(WHAT IS BEING ASKED):
Reprint all of the data below exactly as shown and skip every image.
── GIVEN INFORMATION
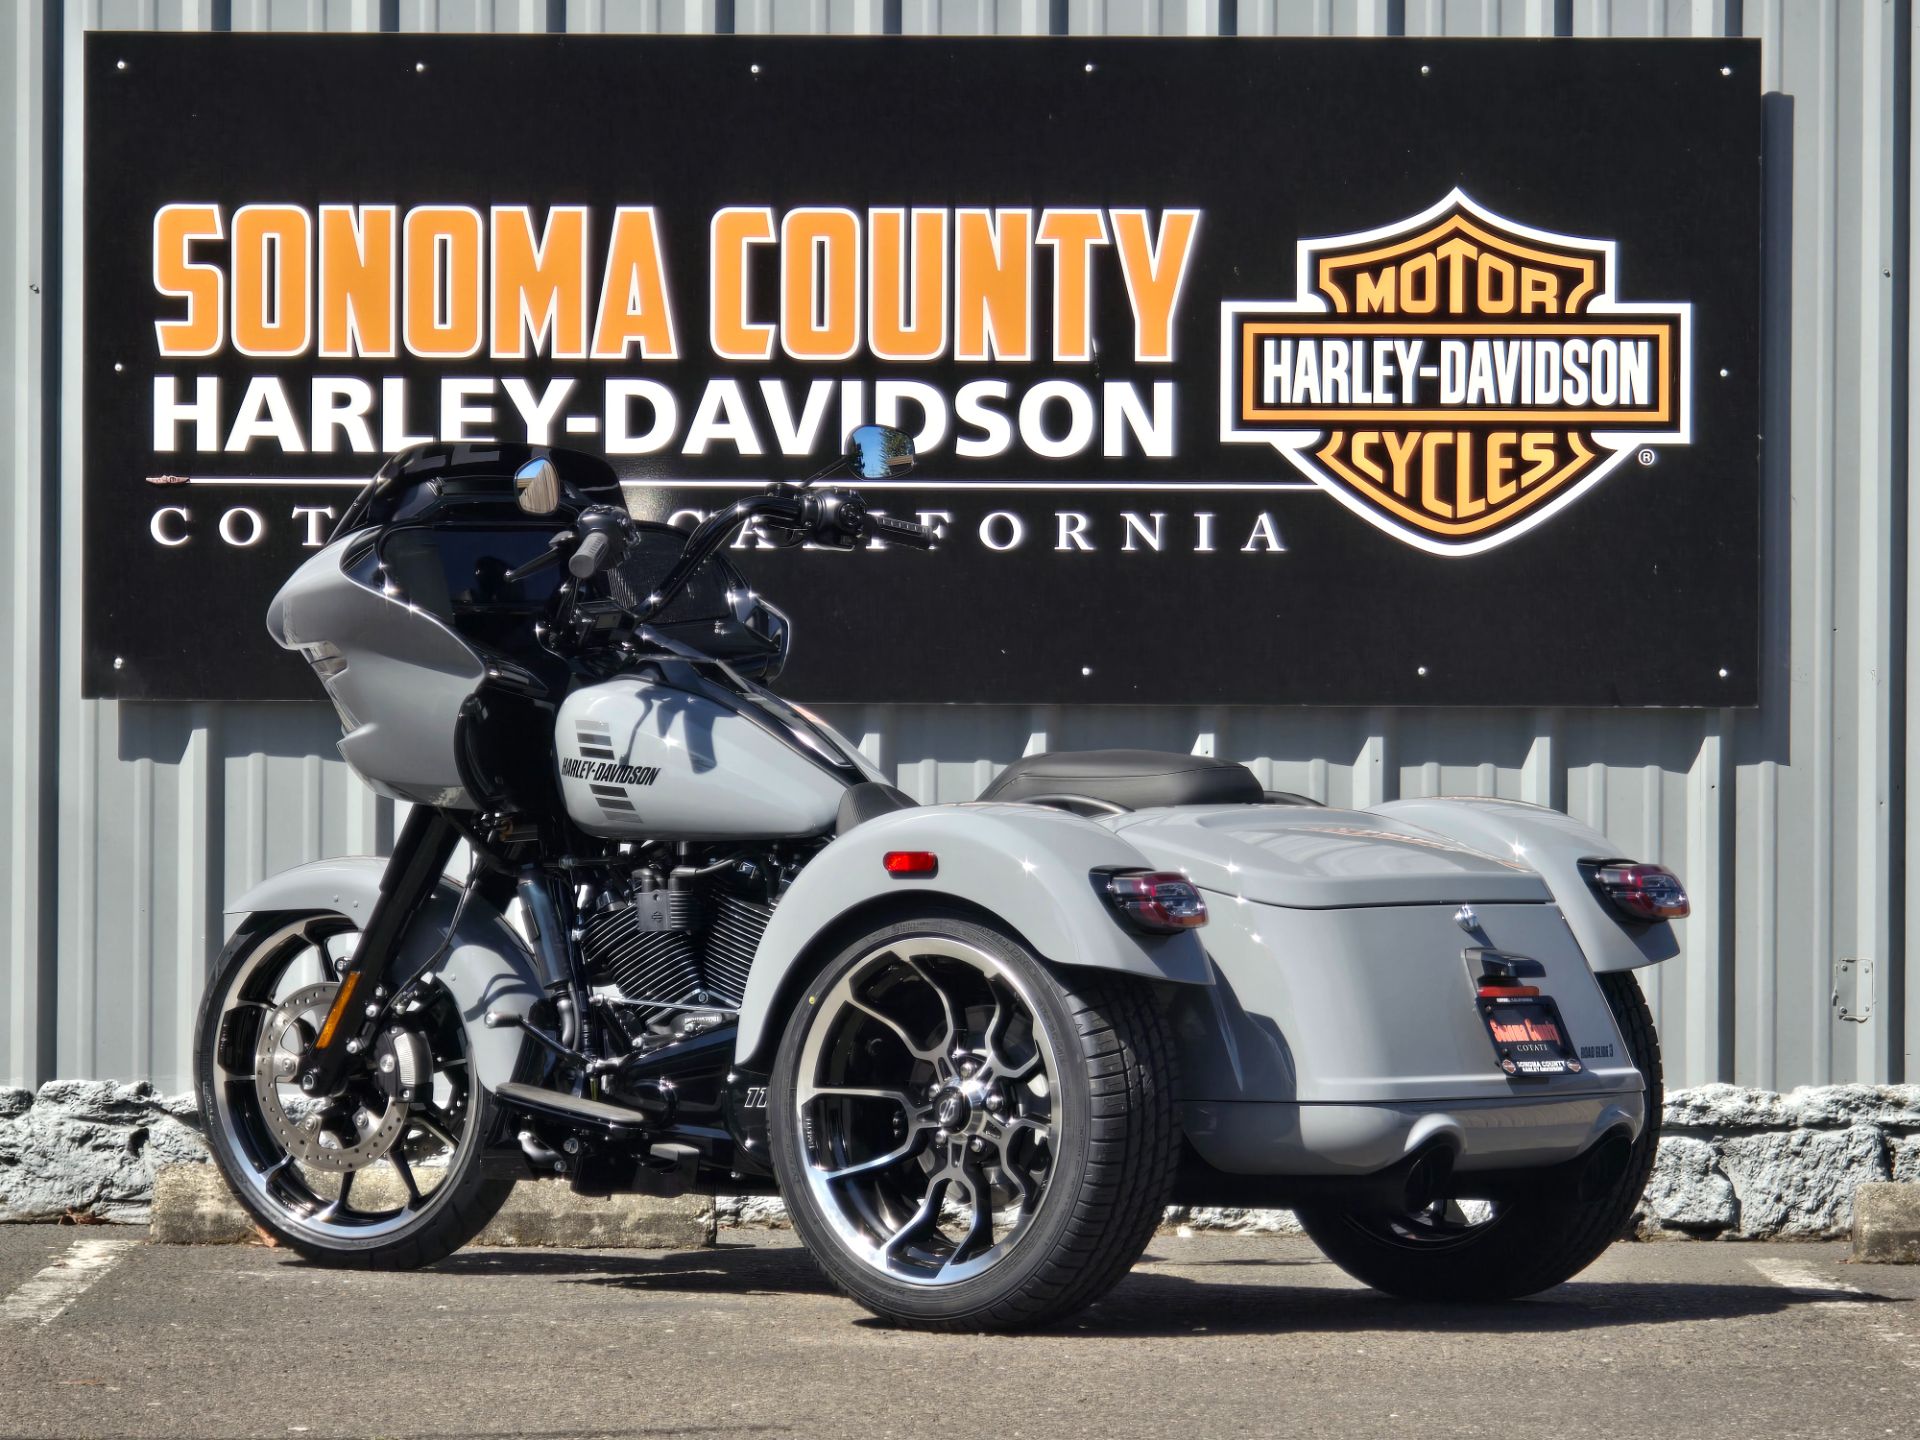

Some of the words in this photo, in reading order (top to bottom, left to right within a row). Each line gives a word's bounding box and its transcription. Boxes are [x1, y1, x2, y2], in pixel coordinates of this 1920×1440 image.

[153, 204, 679, 360] SONOMA
[710, 207, 1200, 362] COUNTY
[1357, 237, 1559, 314] MOTOR
[1264, 338, 1650, 407] HARLEY-DAVIDSON
[153, 376, 1176, 458] HARLEY-DAVIDSON
[1351, 432, 1555, 520] CYCLES
[150, 506, 334, 547] COT
[561, 757, 662, 786] HARLEY-DAVIDSON
[1516, 1043, 1549, 1052] COTATI
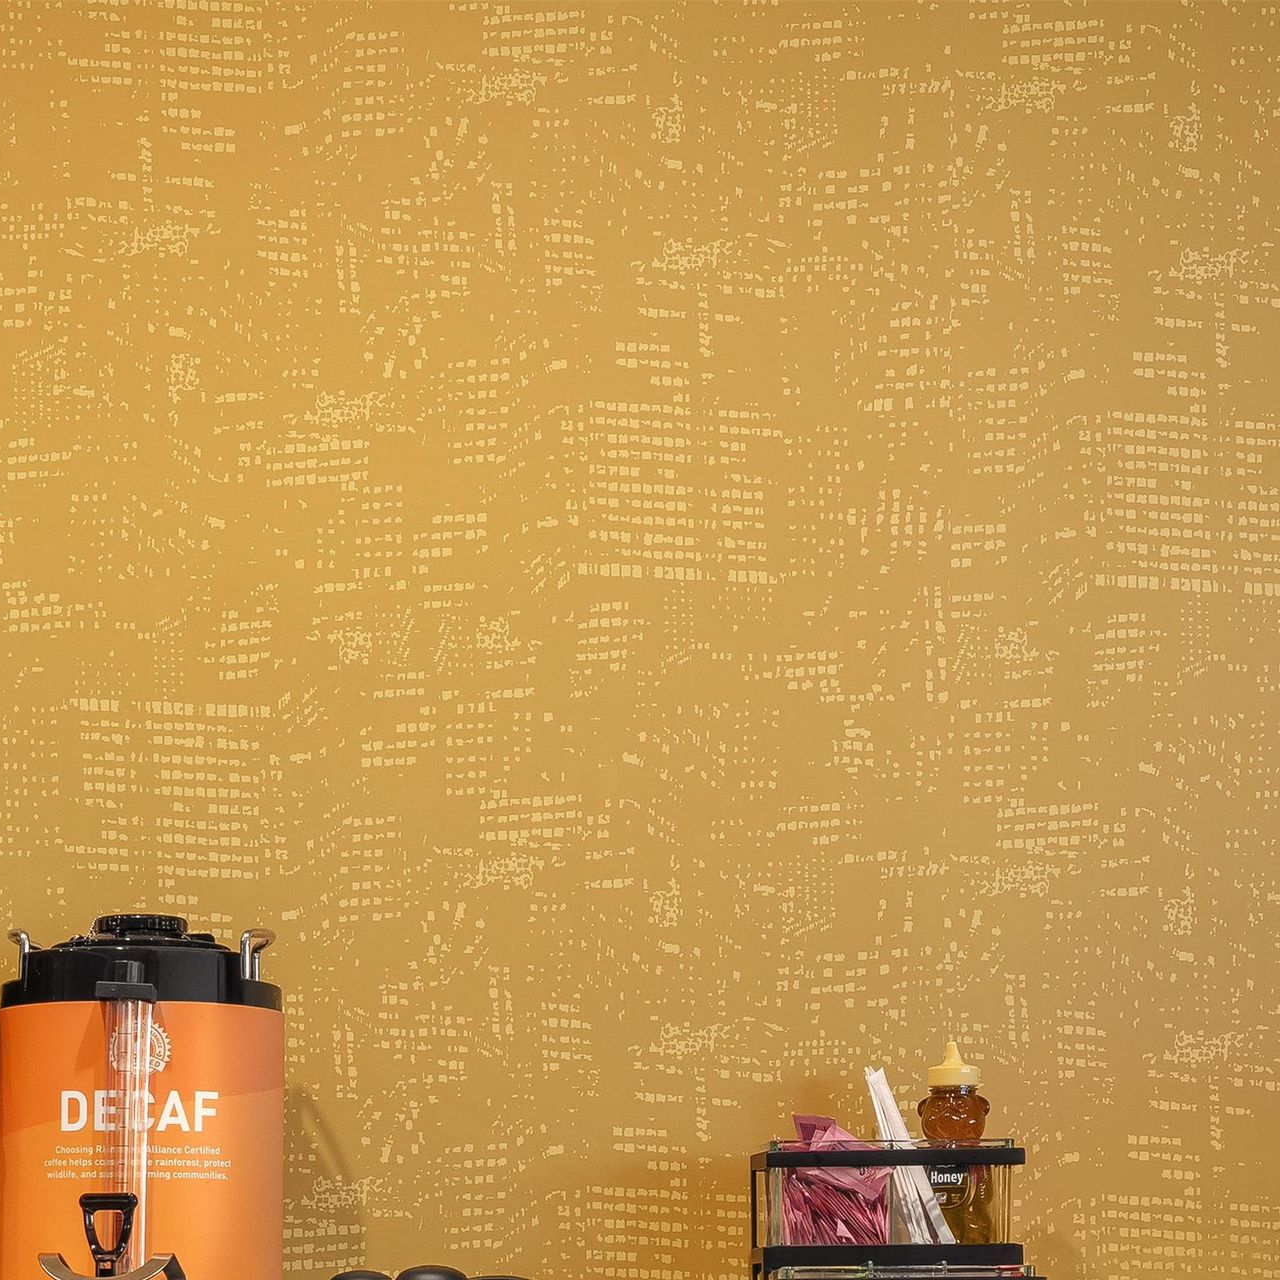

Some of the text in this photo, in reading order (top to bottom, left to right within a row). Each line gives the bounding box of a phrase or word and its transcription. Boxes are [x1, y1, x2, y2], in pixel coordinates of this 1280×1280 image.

[60, 1090, 220, 1133] DECAF
[55, 1145, 94, 1156] Choosing
[184, 1146, 221, 1155] Certified
[44, 1158, 68, 1167] coffee
[69, 1158, 93, 1168] helps
[155, 1158, 202, 1168] rainforest,
[203, 1159, 232, 1168] protect
[47, 1170, 78, 1180] wildlife,
[80, 1170, 97, 1179] and
[172, 1170, 229, 1181] communities.
[930, 1171, 964, 1185] Honey
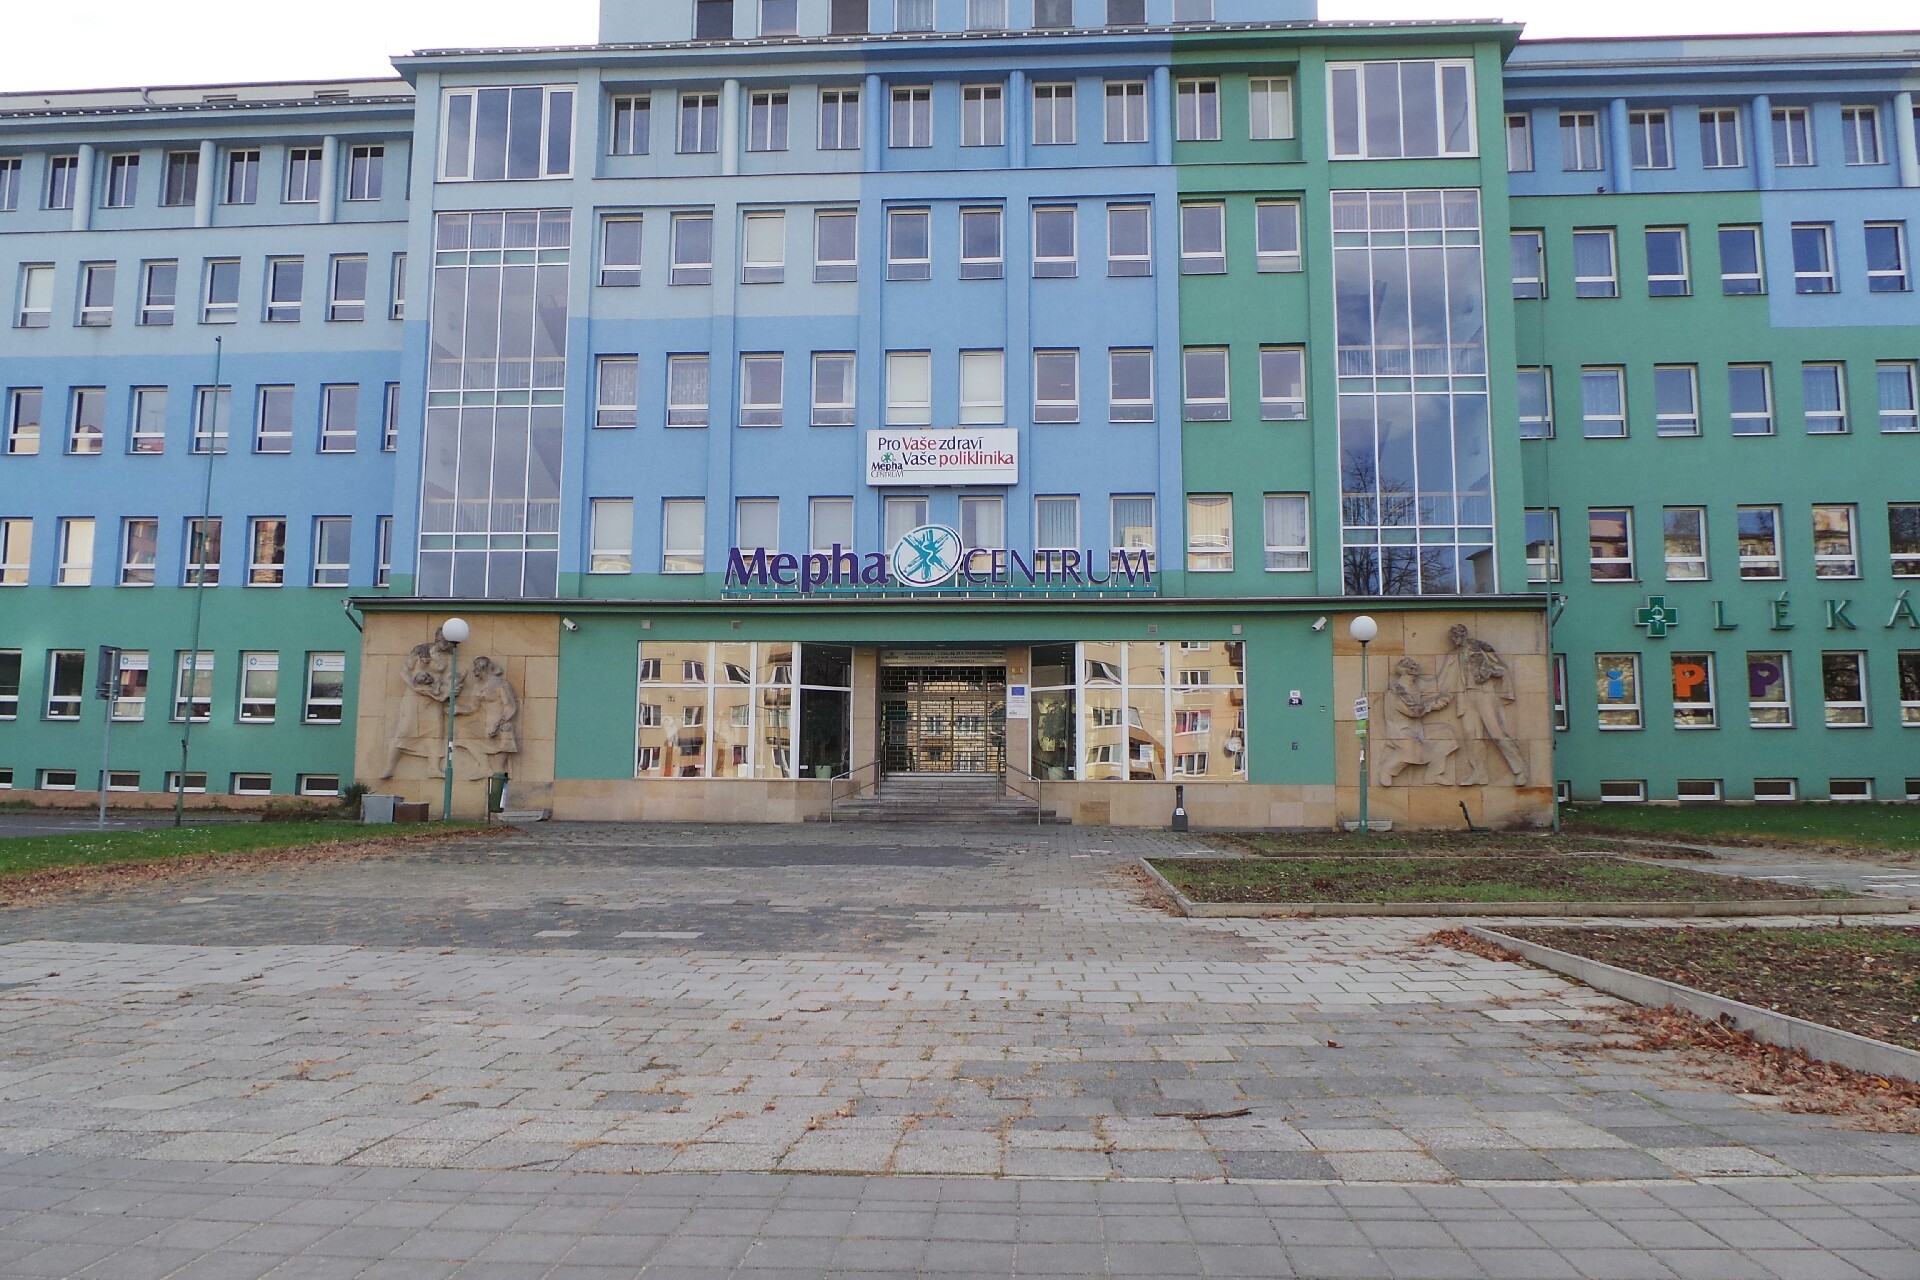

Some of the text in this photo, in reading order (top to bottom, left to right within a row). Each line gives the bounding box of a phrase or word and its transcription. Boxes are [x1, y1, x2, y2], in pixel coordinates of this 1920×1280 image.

[878, 436, 984, 450] Pro Vaše zdraví
[871, 461, 903, 471] Mepha
[902, 450, 1014, 467] Vaše poliklinika
[870, 470, 904, 478] CENTRUM
[724, 543, 1153, 593] Mepha CENTRUM
[1713, 589, 1920, 630] LÉKÁ
────
(TASK ANSWER):
Some of the words in this photo, in reading order (top to bottom, left to right within a row). Each line gives a word's bounding box and its transcription. Boxes are [x1, y1, x2, y2], in pixel coordinates of this 1920×1440 image.

[153, 204, 679, 360] SONOMA
[710, 207, 1200, 362] COUNTY
[1357, 237, 1559, 314] MOTOR
[1264, 338, 1650, 407] HARLEY-DAVIDSON
[153, 376, 1176, 458] HARLEY-DAVIDSON
[1351, 432, 1555, 520] CYCLES
[150, 506, 334, 547] COT
[561, 757, 662, 786] HARLEY-DAVIDSON
[1516, 1043, 1549, 1052] COTATI

Some of the text in this photo, in reading order (top to bottom, left to right within a row). Each line gives the bounding box of a phrase or word and its transcription. Boxes are [x1, y1, x2, y2], in pixel coordinates of this 1280×1280 image.

[60, 1090, 220, 1133] DECAF
[55, 1145, 94, 1156] Choosing
[184, 1146, 221, 1155] Certified
[44, 1158, 68, 1167] coffee
[69, 1158, 93, 1168] helps
[155, 1158, 202, 1168] rainforest,
[203, 1159, 232, 1168] protect
[47, 1170, 78, 1180] wildlife,
[80, 1170, 97, 1179] and
[172, 1170, 229, 1181] communities.
[930, 1171, 964, 1185] Honey

Some of the text in this photo, in reading order (top to bottom, left to right within a row). Each line gives the bounding box of a phrase or word and its transcription. Boxes are [x1, y1, x2, y2], in pixel coordinates of this 1920×1280 image.

[878, 436, 984, 450] Pro Vaše zdraví
[871, 461, 903, 471] Mepha
[902, 450, 1014, 467] Vaše poliklinika
[870, 470, 904, 478] CENTRUM
[724, 543, 1153, 593] Mepha CENTRUM
[1713, 589, 1920, 630] LÉKÁ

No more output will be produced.